The admin is very secretive and weird–this drove me NUTS. They don’t like you to visit, and it’s hard to ever get a straight answer out of anyone. When I was considering pulling my son several months ago, I wrote something in his little notebook. His teacher emailed me from her personal email account, but said she could have been FIRED for doing so. Teachers are not allowed to call parents without a Korean admin person in the room–they don’t even have access to the children’s personal information. When I ultimately pulled my son after talking with one of the admin people, they didn’t even tell his teacher. She didn’t know he wasn’t coming back until I emailed her.
My friend (the one who used to work there) said the American teachers are treated really poorly. She also said American kids are used as marketing tools to get the Koreans to pay more.
I just found out from a neighbor that it is illegal for CRADA to accept our payment in dollars. They will ask you to pay in cash monthly for tuition. This is because none of it is reported. Perhaps other schools in Korea do this too, I’m not sure. The really legit schools will have you pay at a bank or something.
CRADA has a pretty good reputation among military families here; and like I said, it might be a great place for some. As for me, I think they’re corrupt and dishonest with the families–all to boost their image and make more money.
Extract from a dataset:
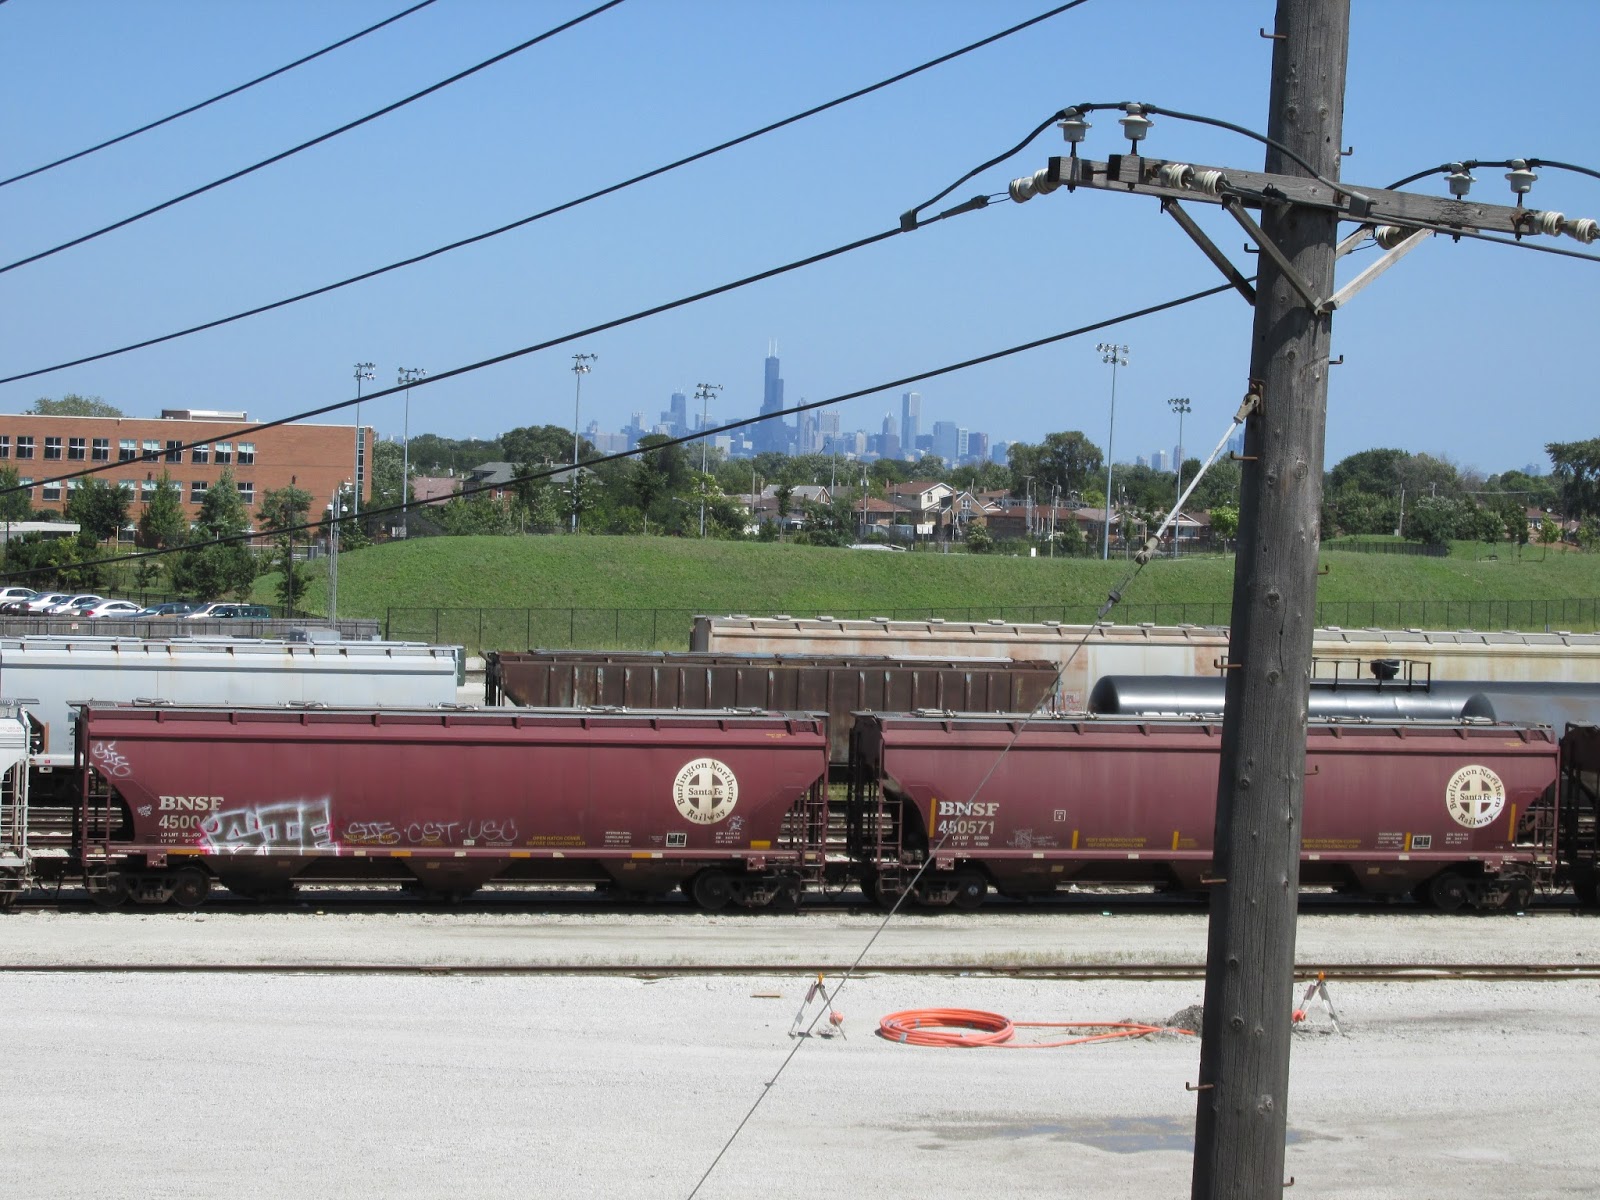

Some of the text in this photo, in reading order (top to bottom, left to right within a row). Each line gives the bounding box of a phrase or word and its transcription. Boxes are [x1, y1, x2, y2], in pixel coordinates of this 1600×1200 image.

What it boils down to is the administration. I REALLY don’t like how they run things. I think it’s a toxic environment. The director (Rana) is horrible to the teachers–makes all kinds of promises to lure them into a contract, then doesn’t deliver. After my son started, I realized two girls from our church were teachers there. One of them quit after only a month or so, and she is the one who clued me in to how the school is run. When she was ‘released’ from her contract (because they can’t legally fire you with the visa, I guess), she had to really fight to get what was rightfully hers (unpaid salary, deposit on the housing). As if that wasn’t enough, Rana wasn’t going to sign the proper paperwork allowing her to find another job. So here was this poor 20-something year old American girl, stuck in Korea, without a job, without pay, without housing, and with a director who wasn’t cooperating to help her move on. It was ridiculous.
If I had it to do all over again, I would NOT have put him in CRADA.”
For all you parents looking for a preschool that suits your kids, we’re hoping to add a little something to aid in your search. Parents of children who attend various preschools here in Korea have filled out a series of questions about the schools for the benefit of the rest of us. We welcome more than one voice on each school since everyone has a different experience, so please feel free to add in your two cents in the comments.